Federated and Transfer Learning Applications
1. Introduction
2. Federated Learning Approaches
- FL aggregation algorithms: Xu et al. [1] proposed an FL framework, called FedLA (Federated Lazy Aggregation), which reduces aggregation frequency to obtain high-quality gradients and improve robustness to non-independent and identically distributed (non-IID) training data. This framework is particularly used to deal with data heterogeneity. Based on FedAvg, FedLA allows more devices, which come from consecutive rounds, to be trained sequentially, without needing additional information about the devices. Due to sequential training, it performs well on both homogeneous and heterogeneous data, simply by discovering enough samples to aggregate them in time. Regarding the aggregation timing, this work proposes weighted deviation (WDR) as the change rate of the models to monitor sampling. Furthermore, the authors propose a FedLA with a Cross-Device Momentum (CDM) mechanism, called FedLAM, which alleviates the instability of the vertical optimization, helps the local models escape from the local optimum, and improves the performance of the global model in FL. Compared to benchmark algorithms (e.g., FedAvg, FedProx, and FedDyn), FedLAM performs best in most scenarios, achieving a 2.4–3.7% increase in accuracy compared to FedAvg on three image classification datasets.
- Layer regularization for effective training: Federated learning is a widely used method for training neural networks on distributed data; however, its main limitation is the performance degradation that occurs when data are heterogeneously distributed. To address this limitation, Son et al. [3] proposed FedCKA, an alternative approach based on a more up-to-date understanding of neural networks, showing that only certain important layers in a neural network require regularization for effective training. In addition, the authors show that Centred Kernel Alignment (CKA) is the most appropriate when comparing representational similarity between layers of neural networks, in contrast with previous studies that used the L2-distance (FedProx) or cosine similarity (MOON). Experimental results reveal that FedCKA outperforms previous state-of-the-art methods in various deep learning tasks, while also improving efficiency and scalability.
- Federated clustering framework: Stallmann and Wilbik [5] presented for first time a federated clustering framework that addresses three key challenges: (i) determining the optimal number of global clusters within a federated dataset, (ii) creating a data partition using a federated fuzzy c-means algorithm, and (iii) validating the quality of the clustering using a federated fuzzy Davies–Bouldin index. This framework is thoroughly evaluated through numerical experiments conducted on both artificial and real-world datasets. The findings indicate that, in most instances, the results achieved by the federated clustering framework are in line with those of the non-federated counterpart. Additionally, the authors incorporate an alternative federated fuzzy c-means formulation into the proposed framework and observe that this approach exhibits greater reliability when dealing with non-IID data, while performing equally well in the IID scenario.

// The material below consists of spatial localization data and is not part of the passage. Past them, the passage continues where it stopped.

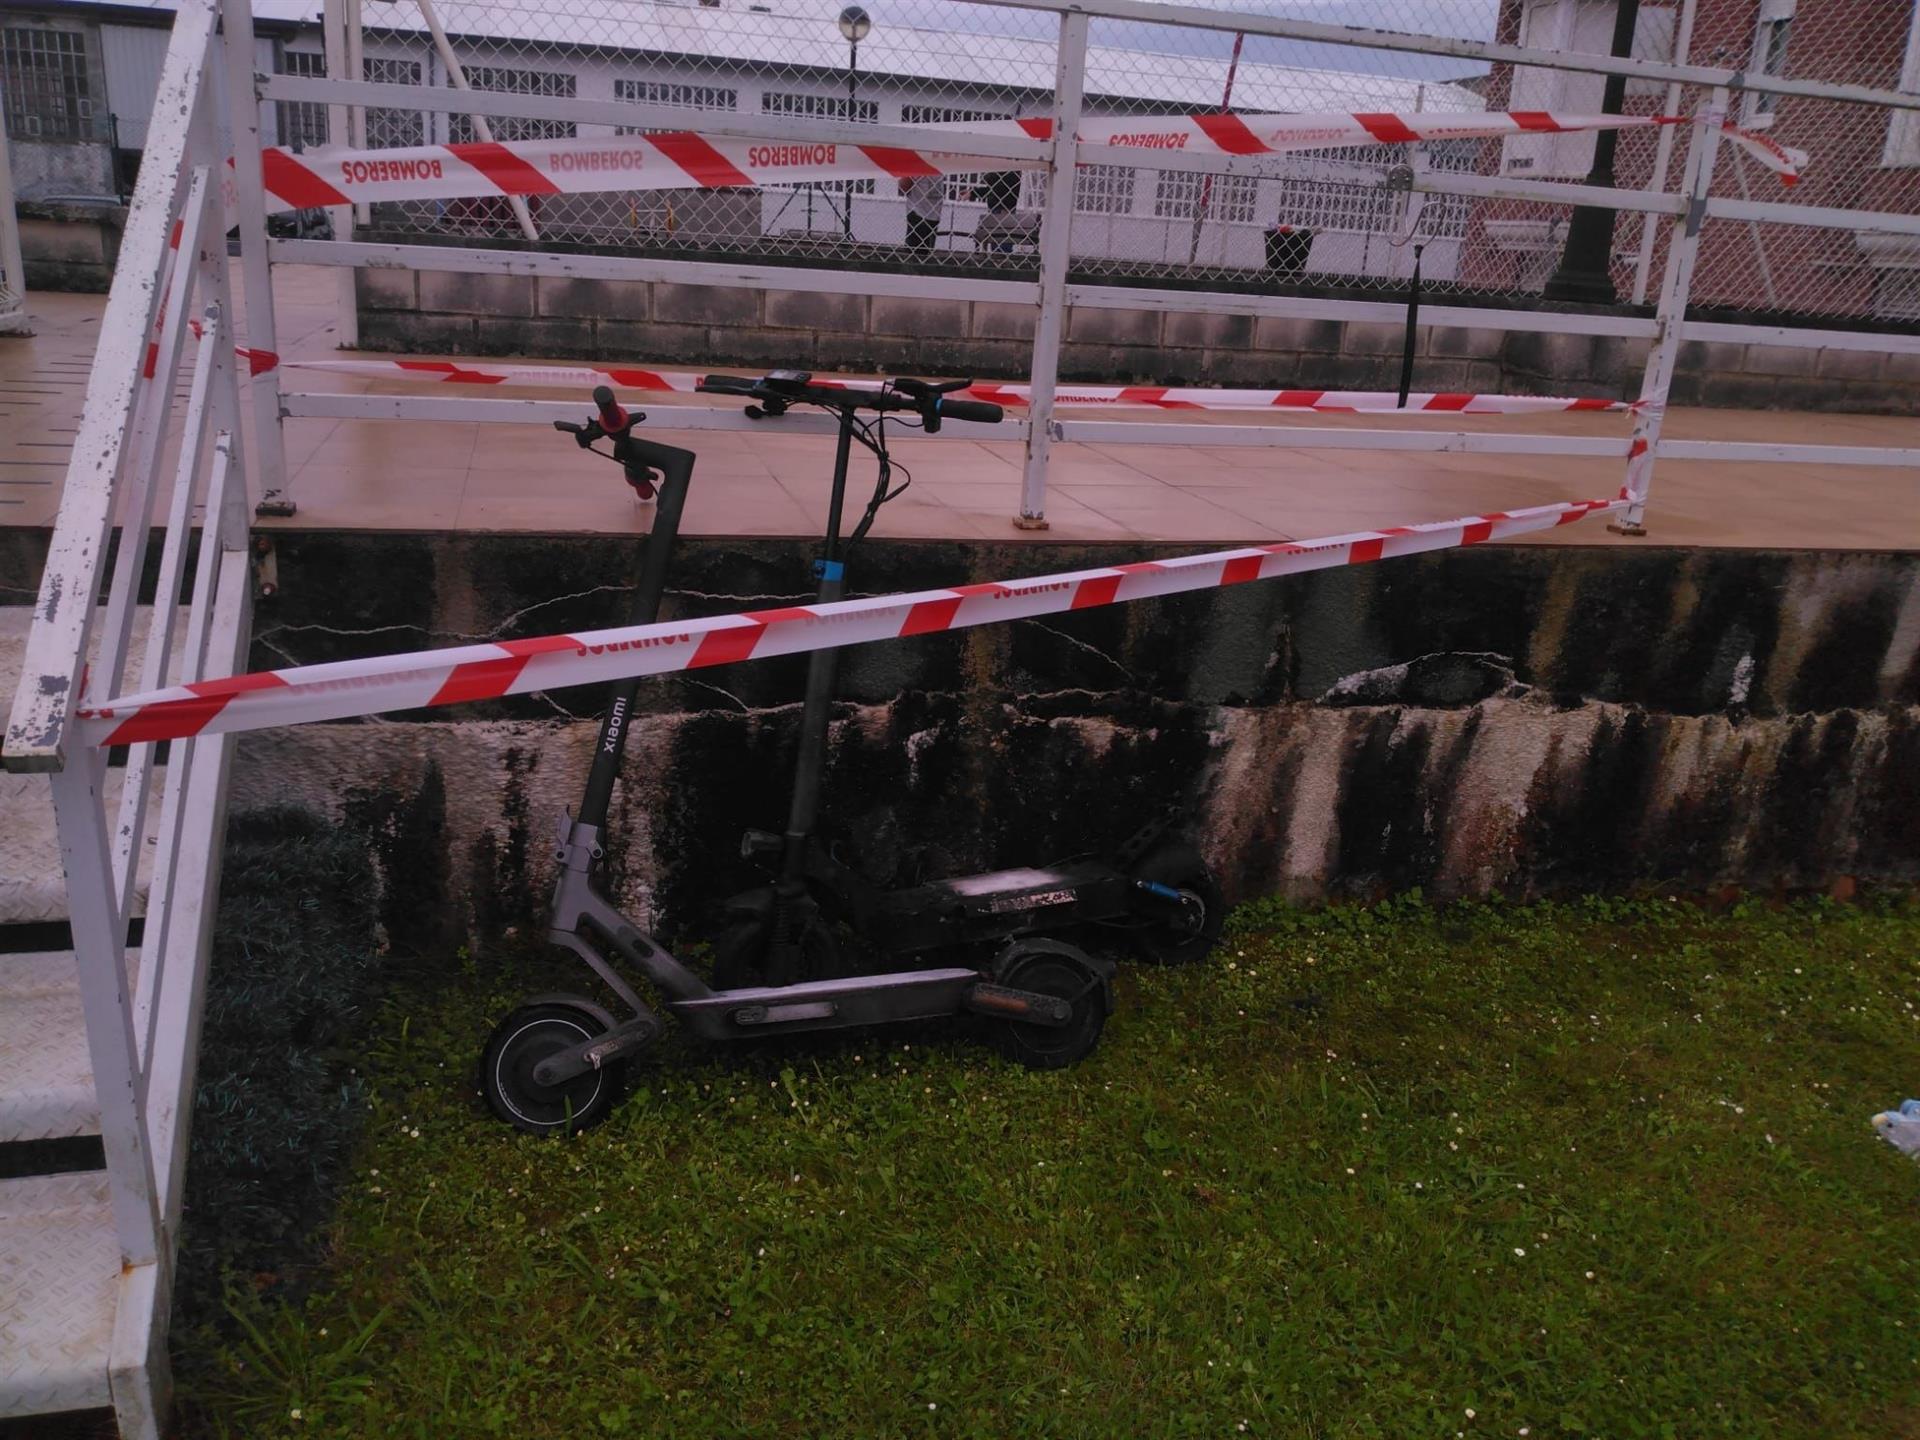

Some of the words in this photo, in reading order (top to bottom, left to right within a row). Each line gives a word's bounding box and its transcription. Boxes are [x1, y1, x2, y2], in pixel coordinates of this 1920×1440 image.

[748, 144, 837, 168] BOMBEROS
[341, 159, 443, 184] BOMBEROS
[603, 696, 627, 753] xiaomi
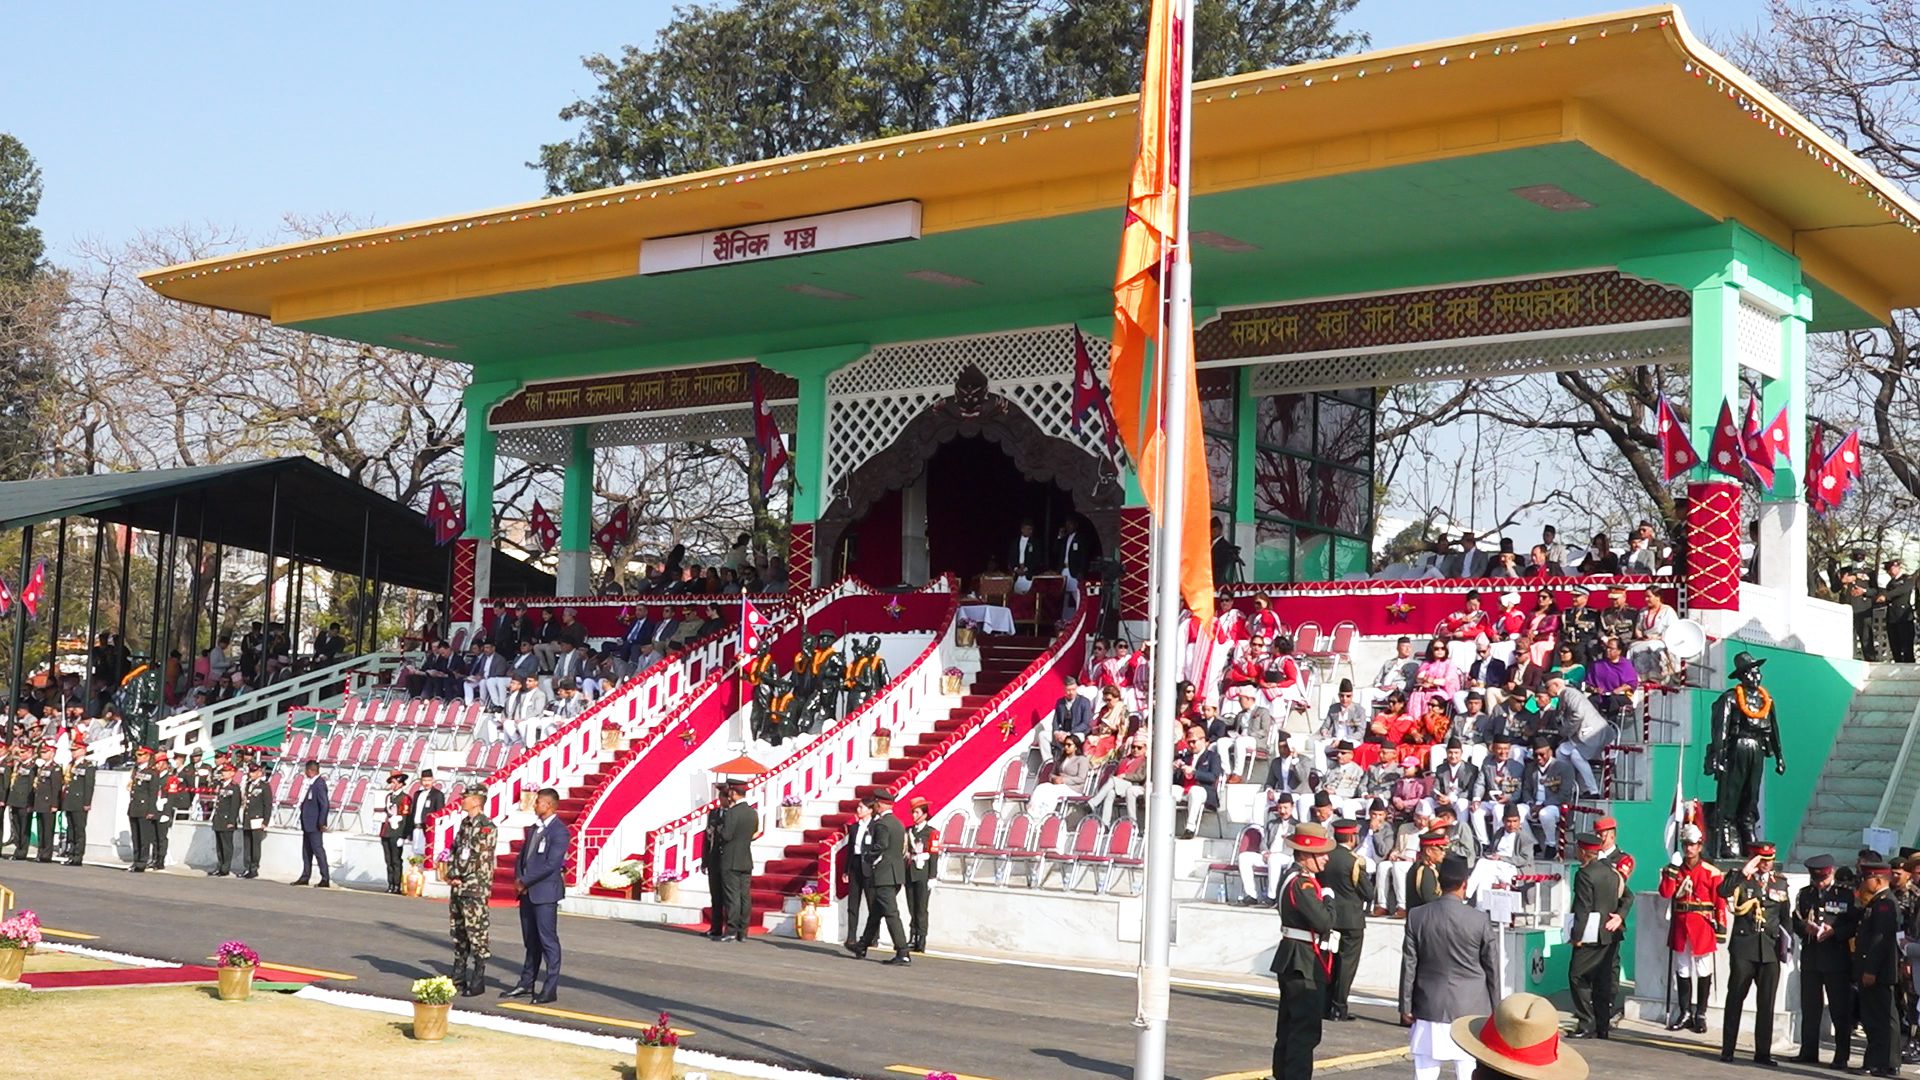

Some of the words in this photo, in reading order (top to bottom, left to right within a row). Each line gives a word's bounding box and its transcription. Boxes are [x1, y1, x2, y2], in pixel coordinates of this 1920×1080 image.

[713, 229, 770, 261] सैनिक
[1315, 309, 1352, 339] सदा
[547, 387, 581, 409] सम्मान
[586, 384, 625, 407] कल्याण
[1531, 956, 1544, 975] A-3

- Blockchain-based incentive mechanism: In response to the issues associated with centralization and the absence of incentives in conventional federated learning, Liu et al. [8] introduced a decentralized federated learning method for edge computing environments based on blockchain technology, called BD-FL. This approach integrates all edge servers into the blockchain network, where the edge server nodes that acquire bookkeeping rights collectively aggregate the global model. This addresses the centralization problem inherent in federated learning, which is prone to single points of failure. To encourage active participation of local devices in federated learning model training, an incentive mechanism is introduced. To minimize the cost of model training, BD-FL employs a preference-based stable matching algorithm which associates local devices with suitable edge servers, effectively reducing communication overhead. Furthermore, the authors propose the utilization of a reputation-based practical Byzantine fault tolerance (R-PBFT) algorithm to enhance the consensus process for global model training within the blockchain. The experimental results demonstrate that BD-FL achieves a notable reduction in model training time of up to 34.9% compared to baseline federated learning methods. Additionally, the incorporation of the R-PBFT algorithm enhances the training efficiency of BD-FL by 12.2%.
- Influence of unreliable participants and selective aggregation: Esteves et al. [9] introduced a multi-mobile Android-based implementation of a federated learning system and investigated how the presence of unreliable participants and selective aggregation influence the feasibility of deploying mobile federated learning solutions in real-world scenarios. Furthermore, the authors illustrated that employing a more sophisticated aggregation method, such as a weighted average instead of a simple arithmetic average, can lead to substantial enhancements in the overall performance of a federated learning solution. In the context of ongoing challenges in the field of federated learning, this research argues that imposing eligibility criteria can prove beneficial to the context of federated learning, particularly when dealing with unreliable participants.
- Survey on privacy and security in FL: Gosselin et al. [2] presented a comprehensive survey addressing various privacy and security issues related to federated learning (FL). Toward this end, the authors introduce an overview of the FL applications, network topology, and aggregation methods, and then present and discuss the existing FL-based studies in terms of security and privacy protection techniques aimed at mitigating FL vulnerabilities. The findings show that the current major security threats are poisoning, backdoor, and Generative Adversarial Network (GAN) attacks, while inference-based attacks are the most critical for FL privacy. Finally, this study concludes with FL open issues and provides future research directions on the topic.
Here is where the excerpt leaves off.